Problem statement: Without changing anything, transcribe all of the entries.

"""

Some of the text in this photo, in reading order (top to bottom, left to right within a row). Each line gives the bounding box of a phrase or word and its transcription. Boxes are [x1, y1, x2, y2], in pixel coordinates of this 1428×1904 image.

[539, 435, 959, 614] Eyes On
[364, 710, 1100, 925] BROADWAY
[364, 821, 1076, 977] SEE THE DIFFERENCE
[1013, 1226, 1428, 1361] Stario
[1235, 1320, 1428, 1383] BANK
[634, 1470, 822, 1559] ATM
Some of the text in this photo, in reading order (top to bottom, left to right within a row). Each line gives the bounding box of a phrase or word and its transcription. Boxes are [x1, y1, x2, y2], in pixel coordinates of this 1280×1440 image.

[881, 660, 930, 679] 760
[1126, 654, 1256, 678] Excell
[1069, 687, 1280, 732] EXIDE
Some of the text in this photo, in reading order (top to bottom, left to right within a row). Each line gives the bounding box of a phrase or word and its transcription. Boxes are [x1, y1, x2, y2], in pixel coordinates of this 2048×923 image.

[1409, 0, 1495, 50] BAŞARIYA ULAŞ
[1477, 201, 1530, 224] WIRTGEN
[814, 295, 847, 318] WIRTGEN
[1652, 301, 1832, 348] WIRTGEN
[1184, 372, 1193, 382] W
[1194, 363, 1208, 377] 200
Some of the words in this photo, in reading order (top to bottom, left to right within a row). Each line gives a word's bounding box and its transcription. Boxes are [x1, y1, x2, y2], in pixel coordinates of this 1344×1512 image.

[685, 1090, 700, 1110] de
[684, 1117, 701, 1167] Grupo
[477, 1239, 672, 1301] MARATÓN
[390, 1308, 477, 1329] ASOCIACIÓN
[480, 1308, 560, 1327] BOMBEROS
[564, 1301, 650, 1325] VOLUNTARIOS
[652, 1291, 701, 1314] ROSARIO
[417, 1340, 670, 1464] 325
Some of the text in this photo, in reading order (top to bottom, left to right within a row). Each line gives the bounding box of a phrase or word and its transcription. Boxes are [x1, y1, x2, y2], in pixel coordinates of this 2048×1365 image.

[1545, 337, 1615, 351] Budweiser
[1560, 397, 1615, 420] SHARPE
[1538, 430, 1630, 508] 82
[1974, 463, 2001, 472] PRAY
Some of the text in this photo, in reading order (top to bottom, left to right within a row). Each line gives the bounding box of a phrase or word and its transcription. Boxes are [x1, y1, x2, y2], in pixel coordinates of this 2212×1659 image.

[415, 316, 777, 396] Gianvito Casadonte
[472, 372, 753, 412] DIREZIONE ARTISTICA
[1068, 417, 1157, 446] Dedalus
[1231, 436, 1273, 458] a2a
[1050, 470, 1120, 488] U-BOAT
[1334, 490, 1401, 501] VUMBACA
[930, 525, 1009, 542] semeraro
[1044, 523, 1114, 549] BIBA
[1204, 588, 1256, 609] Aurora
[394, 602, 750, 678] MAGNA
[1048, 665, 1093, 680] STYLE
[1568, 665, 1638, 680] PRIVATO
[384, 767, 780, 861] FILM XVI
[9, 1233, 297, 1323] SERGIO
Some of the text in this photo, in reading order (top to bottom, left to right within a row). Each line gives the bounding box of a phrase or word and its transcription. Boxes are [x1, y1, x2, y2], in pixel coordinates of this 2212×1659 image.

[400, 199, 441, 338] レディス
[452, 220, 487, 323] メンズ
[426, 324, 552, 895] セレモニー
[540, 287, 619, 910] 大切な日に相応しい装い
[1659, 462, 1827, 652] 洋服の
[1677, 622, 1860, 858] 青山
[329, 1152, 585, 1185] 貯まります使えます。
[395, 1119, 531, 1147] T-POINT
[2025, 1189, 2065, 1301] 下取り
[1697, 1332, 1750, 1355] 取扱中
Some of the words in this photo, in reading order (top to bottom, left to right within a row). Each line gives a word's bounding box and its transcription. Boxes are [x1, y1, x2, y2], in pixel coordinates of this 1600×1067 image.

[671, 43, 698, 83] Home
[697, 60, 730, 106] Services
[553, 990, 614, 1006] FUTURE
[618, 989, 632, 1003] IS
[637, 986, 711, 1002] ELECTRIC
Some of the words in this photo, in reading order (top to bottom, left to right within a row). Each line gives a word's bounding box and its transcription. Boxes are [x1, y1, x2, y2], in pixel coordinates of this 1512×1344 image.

"""

Finished task:
Some of the text in this photo, in reading order (top to bottom, left to right within a row). Each line gives the bounding box of a phrase or word and its transcription. Boxes are [x1, y1, x2, y2], in pixel coordinates of this 1428×1904 image.

[539, 435, 959, 614] Eyes On
[364, 710, 1100, 925] BROADWAY
[364, 821, 1076, 977] SEE THE DIFFERENCE
[1013, 1226, 1428, 1361] Stario
[1235, 1320, 1428, 1383] BANK
[634, 1470, 822, 1559] ATM
Some of the text in this photo, in reading order (top to bottom, left to right within a row). Each line gives the bounding box of a phrase or word and its transcription. Boxes are [x1, y1, x2, y2], in pixel coordinates of this 1280×1440 image.

[881, 660, 930, 679] 760
[1126, 654, 1256, 678] Excell
[1069, 687, 1280, 732] EXIDE
Some of the text in this photo, in reading order (top to bottom, left to right within a row). Each line gives the bounding box of a phrase or word and its transcription. Boxes are [x1, y1, x2, y2], in pixel coordinates of this 2048×923 image.

[1409, 0, 1495, 50] BAŞARIYA ULAŞ
[1477, 201, 1530, 224] WIRTGEN
[814, 295, 847, 318] WIRTGEN
[1652, 301, 1832, 348] WIRTGEN
[1184, 372, 1193, 382] W
[1194, 363, 1208, 377] 200
Some of the words in this photo, in reading order (top to bottom, left to right within a row). Each line gives a word's bounding box and its transcription. Boxes are [x1, y1, x2, y2], in pixel coordinates of this 1344×1512 image.

[685, 1090, 700, 1110] de
[684, 1117, 701, 1167] Grupo
[477, 1239, 672, 1301] MARATÓN
[390, 1308, 477, 1329] ASOCIACIÓN
[480, 1308, 560, 1327] BOMBEROS
[564, 1301, 650, 1325] VOLUNTARIOS
[652, 1291, 701, 1314] ROSARIO
[417, 1340, 670, 1464] 325
Some of the text in this photo, in reading order (top to bottom, left to right within a row). Each line gives the bounding box of a phrase or word and its transcription. Boxes are [x1, y1, x2, y2], in pixel coordinates of this 2048×1365 image.

[1545, 337, 1615, 351] Budweiser
[1560, 397, 1615, 420] SHARPE
[1538, 430, 1630, 508] 82
[1974, 463, 2001, 472] PRAY
Some of the text in this photo, in reading order (top to bottom, left to right within a row). Each line gives the bounding box of a phrase or word and its transcription. Boxes are [x1, y1, x2, y2], in pixel coordinates of this 2212×1659 image.

[415, 316, 777, 396] Gianvito Casadonte
[472, 372, 753, 412] DIREZIONE ARTISTICA
[1068, 417, 1157, 446] Dedalus
[1231, 436, 1273, 458] a2a
[1050, 470, 1120, 488] U-BOAT
[1334, 490, 1401, 501] VUMBACA
[930, 525, 1009, 542] semeraro
[1044, 523, 1114, 549] BIBA
[1204, 588, 1256, 609] Aurora
[394, 602, 750, 678] MAGNA
[1048, 665, 1093, 680] STYLE
[1568, 665, 1638, 680] PRIVATO
[384, 767, 780, 861] FILM XVI
[9, 1233, 297, 1323] SERGIO
Some of the text in this photo, in reading order (top to bottom, left to right within a row). Each line gives the bounding box of a phrase or word and its transcription. Boxes are [x1, y1, x2, y2], in pixel coordinates of this 2212×1659 image.

[400, 199, 441, 338] レディス
[452, 220, 487, 323] メンズ
[426, 324, 552, 895] セレモニー
[540, 287, 619, 910] 大切な日に相応しい装い
[1659, 462, 1827, 652] 洋服の
[1677, 622, 1860, 858] 青山
[329, 1152, 585, 1185] 貯まります使えます。
[395, 1119, 531, 1147] T-POINT
[2025, 1189, 2065, 1301] 下取り
[1697, 1332, 1750, 1355] 取扱中
Some of the words in this photo, in reading order (top to bottom, left to right within a row). Each line gives a word's bounding box and its transcription. Boxes are [x1, y1, x2, y2], in pixel coordinates of this 1600×1067 image.

[671, 43, 698, 83] Home
[697, 60, 730, 106] Services
[553, 990, 614, 1006] FUTURE
[618, 989, 632, 1003] IS
[637, 986, 711, 1002] ELECTRIC
Some of the words in this photo, in reading order (top to bottom, left to right within a row). Each line gives a word's bounding box and its transcription. Boxes are [x1, y1, x2, y2], in pixel coordinates of this 1512×1344 image.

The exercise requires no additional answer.